__What you have to do__.
Nothing in the entries should change; repeat them exactly.
Listed entries START
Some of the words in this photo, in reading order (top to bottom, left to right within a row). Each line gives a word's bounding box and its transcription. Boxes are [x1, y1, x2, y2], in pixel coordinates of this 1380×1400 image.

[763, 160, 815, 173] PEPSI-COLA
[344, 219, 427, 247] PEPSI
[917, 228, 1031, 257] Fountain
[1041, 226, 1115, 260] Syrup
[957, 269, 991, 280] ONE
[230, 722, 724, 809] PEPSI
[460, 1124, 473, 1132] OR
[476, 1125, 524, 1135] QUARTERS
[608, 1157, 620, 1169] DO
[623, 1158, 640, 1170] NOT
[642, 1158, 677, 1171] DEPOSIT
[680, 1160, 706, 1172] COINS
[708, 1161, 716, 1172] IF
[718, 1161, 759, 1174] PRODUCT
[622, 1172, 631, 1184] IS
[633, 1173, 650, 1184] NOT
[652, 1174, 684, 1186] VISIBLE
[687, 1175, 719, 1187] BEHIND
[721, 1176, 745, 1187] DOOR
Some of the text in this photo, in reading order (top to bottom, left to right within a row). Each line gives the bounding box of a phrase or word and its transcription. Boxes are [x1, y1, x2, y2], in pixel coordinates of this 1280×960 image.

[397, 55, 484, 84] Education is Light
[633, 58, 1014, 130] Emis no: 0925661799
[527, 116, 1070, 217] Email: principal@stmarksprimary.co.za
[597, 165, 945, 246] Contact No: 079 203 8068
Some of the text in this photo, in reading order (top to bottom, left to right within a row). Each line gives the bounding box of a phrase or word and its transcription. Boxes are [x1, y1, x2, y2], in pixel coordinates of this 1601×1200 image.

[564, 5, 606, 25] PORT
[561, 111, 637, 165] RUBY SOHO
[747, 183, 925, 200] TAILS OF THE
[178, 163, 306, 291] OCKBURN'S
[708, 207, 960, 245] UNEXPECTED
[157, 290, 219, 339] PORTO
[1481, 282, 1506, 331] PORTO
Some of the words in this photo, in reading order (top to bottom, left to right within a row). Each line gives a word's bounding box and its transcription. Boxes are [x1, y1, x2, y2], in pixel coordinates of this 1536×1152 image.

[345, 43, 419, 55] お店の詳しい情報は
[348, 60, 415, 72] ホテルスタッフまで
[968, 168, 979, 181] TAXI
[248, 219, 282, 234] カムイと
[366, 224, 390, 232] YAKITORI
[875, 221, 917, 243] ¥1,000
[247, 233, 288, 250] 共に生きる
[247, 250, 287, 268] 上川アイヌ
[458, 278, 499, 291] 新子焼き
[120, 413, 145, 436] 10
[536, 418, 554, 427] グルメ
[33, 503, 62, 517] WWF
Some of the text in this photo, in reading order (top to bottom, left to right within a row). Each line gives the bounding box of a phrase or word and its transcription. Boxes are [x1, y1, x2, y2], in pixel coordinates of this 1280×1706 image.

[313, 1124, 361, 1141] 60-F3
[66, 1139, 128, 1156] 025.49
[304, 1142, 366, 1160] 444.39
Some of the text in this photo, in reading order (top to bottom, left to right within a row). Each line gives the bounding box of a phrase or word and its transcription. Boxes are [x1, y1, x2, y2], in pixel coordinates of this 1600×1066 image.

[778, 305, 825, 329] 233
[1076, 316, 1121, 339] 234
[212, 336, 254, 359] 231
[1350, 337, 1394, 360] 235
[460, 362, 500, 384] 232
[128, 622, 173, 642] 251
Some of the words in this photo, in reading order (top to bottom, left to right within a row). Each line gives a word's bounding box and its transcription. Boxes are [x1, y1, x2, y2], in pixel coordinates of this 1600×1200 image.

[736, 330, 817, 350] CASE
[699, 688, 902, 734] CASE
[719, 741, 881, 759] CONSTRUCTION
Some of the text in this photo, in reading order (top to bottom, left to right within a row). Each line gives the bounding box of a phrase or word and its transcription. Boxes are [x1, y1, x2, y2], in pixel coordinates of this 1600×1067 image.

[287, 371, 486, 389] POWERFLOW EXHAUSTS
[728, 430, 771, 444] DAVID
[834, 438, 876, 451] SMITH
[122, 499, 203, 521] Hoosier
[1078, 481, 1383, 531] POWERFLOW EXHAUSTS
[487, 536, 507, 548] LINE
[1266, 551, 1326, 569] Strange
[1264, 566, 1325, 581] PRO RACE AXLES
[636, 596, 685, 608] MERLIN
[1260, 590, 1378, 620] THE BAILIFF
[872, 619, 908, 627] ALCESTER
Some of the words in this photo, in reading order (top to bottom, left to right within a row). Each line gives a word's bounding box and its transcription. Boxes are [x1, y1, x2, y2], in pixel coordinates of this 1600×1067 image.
Listed entries END
__Result of this task__.
Some of the words in this photo, in reading order (top to bottom, left to right within a row). Each line gives a word's bounding box and its transcription. Boxes are [x1, y1, x2, y2], in pixel coordinates of this 1380×1400 image.

[763, 160, 815, 173] PEPSI-COLA
[344, 219, 427, 247] PEPSI
[917, 228, 1031, 257] Fountain
[1041, 226, 1115, 260] Syrup
[957, 269, 991, 280] ONE
[230, 722, 724, 809] PEPSI
[460, 1124, 473, 1132] OR
[476, 1125, 524, 1135] QUARTERS
[608, 1157, 620, 1169] DO
[623, 1158, 640, 1170] NOT
[642, 1158, 677, 1171] DEPOSIT
[680, 1160, 706, 1172] COINS
[708, 1161, 716, 1172] IF
[718, 1161, 759, 1174] PRODUCT
[622, 1172, 631, 1184] IS
[633, 1173, 650, 1184] NOT
[652, 1174, 684, 1186] VISIBLE
[687, 1175, 719, 1187] BEHIND
[721, 1176, 745, 1187] DOOR
Some of the text in this photo, in reading order (top to bottom, left to right within a row). Each line gives the bounding box of a phrase or word and its transcription. Boxes are [x1, y1, x2, y2], in pixel coordinates of this 1280×960 image.

[397, 55, 484, 84] Education is Light
[633, 58, 1014, 130] Emis no: 0925661799
[527, 116, 1070, 217] Email: principal@stmarksprimary.co.za
[597, 165, 945, 246] Contact No: 079 203 8068
Some of the text in this photo, in reading order (top to bottom, left to right within a row). Each line gives the bounding box of a phrase or word and its transcription. Boxes are [x1, y1, x2, y2], in pixel coordinates of this 1601×1200 image.

[564, 5, 606, 25] PORT
[561, 111, 637, 165] RUBY SOHO
[747, 183, 925, 200] TAILS OF THE
[178, 163, 306, 291] OCKBURN'S
[708, 207, 960, 245] UNEXPECTED
[157, 290, 219, 339] PORTO
[1481, 282, 1506, 331] PORTO
Some of the words in this photo, in reading order (top to bottom, left to right within a row). Each line gives a word's bounding box and its transcription. Boxes are [x1, y1, x2, y2], in pixel coordinates of this 1536×1152 image.

[345, 43, 419, 55] お店の詳しい情報は
[348, 60, 415, 72] ホテルスタッフまで
[968, 168, 979, 181] TAXI
[248, 219, 282, 234] カムイと
[366, 224, 390, 232] YAKITORI
[875, 221, 917, 243] ¥1,000
[247, 233, 288, 250] 共に生きる
[247, 250, 287, 268] 上川アイヌ
[458, 278, 499, 291] 新子焼き
[120, 413, 145, 436] 10
[536, 418, 554, 427] グルメ
[33, 503, 62, 517] WWF
Some of the text in this photo, in reading order (top to bottom, left to right within a row). Each line gives the bounding box of a phrase or word and its transcription. Boxes are [x1, y1, x2, y2], in pixel coordinates of this 1280×1706 image.

[313, 1124, 361, 1141] 60-F3
[66, 1139, 128, 1156] 025.49
[304, 1142, 366, 1160] 444.39
Some of the text in this photo, in reading order (top to bottom, left to right within a row). Each line gives the bounding box of a phrase or word and its transcription. Boxes are [x1, y1, x2, y2], in pixel coordinates of this 1600×1066 image.

[778, 305, 825, 329] 233
[1076, 316, 1121, 339] 234
[212, 336, 254, 359] 231
[1350, 337, 1394, 360] 235
[460, 362, 500, 384] 232
[128, 622, 173, 642] 251
Some of the words in this photo, in reading order (top to bottom, left to right within a row). Each line gives a word's bounding box and its transcription. Boxes are [x1, y1, x2, y2], in pixel coordinates of this 1600×1200 image.

[736, 330, 817, 350] CASE
[699, 688, 902, 734] CASE
[719, 741, 881, 759] CONSTRUCTION
Some of the text in this photo, in reading order (top to bottom, left to right within a row). Each line gives the bounding box of a phrase or word and its transcription. Boxes are [x1, y1, x2, y2], in pixel coordinates of this 1600×1067 image.

[287, 371, 486, 389] POWERFLOW EXHAUSTS
[728, 430, 771, 444] DAVID
[834, 438, 876, 451] SMITH
[122, 499, 203, 521] Hoosier
[1078, 481, 1383, 531] POWERFLOW EXHAUSTS
[487, 536, 507, 548] LINE
[1266, 551, 1326, 569] Strange
[1264, 566, 1325, 581] PRO RACE AXLES
[636, 596, 685, 608] MERLIN
[1260, 590, 1378, 620] THE BAILIFF
[872, 619, 908, 627] ALCESTER
Some of the words in this photo, in reading order (top to bottom, left to right within a row). Each line gives a word's bounding box and its transcription. Boxes are [x1, y1, x2, y2], in pixel coordinates of this 1600×1067 image.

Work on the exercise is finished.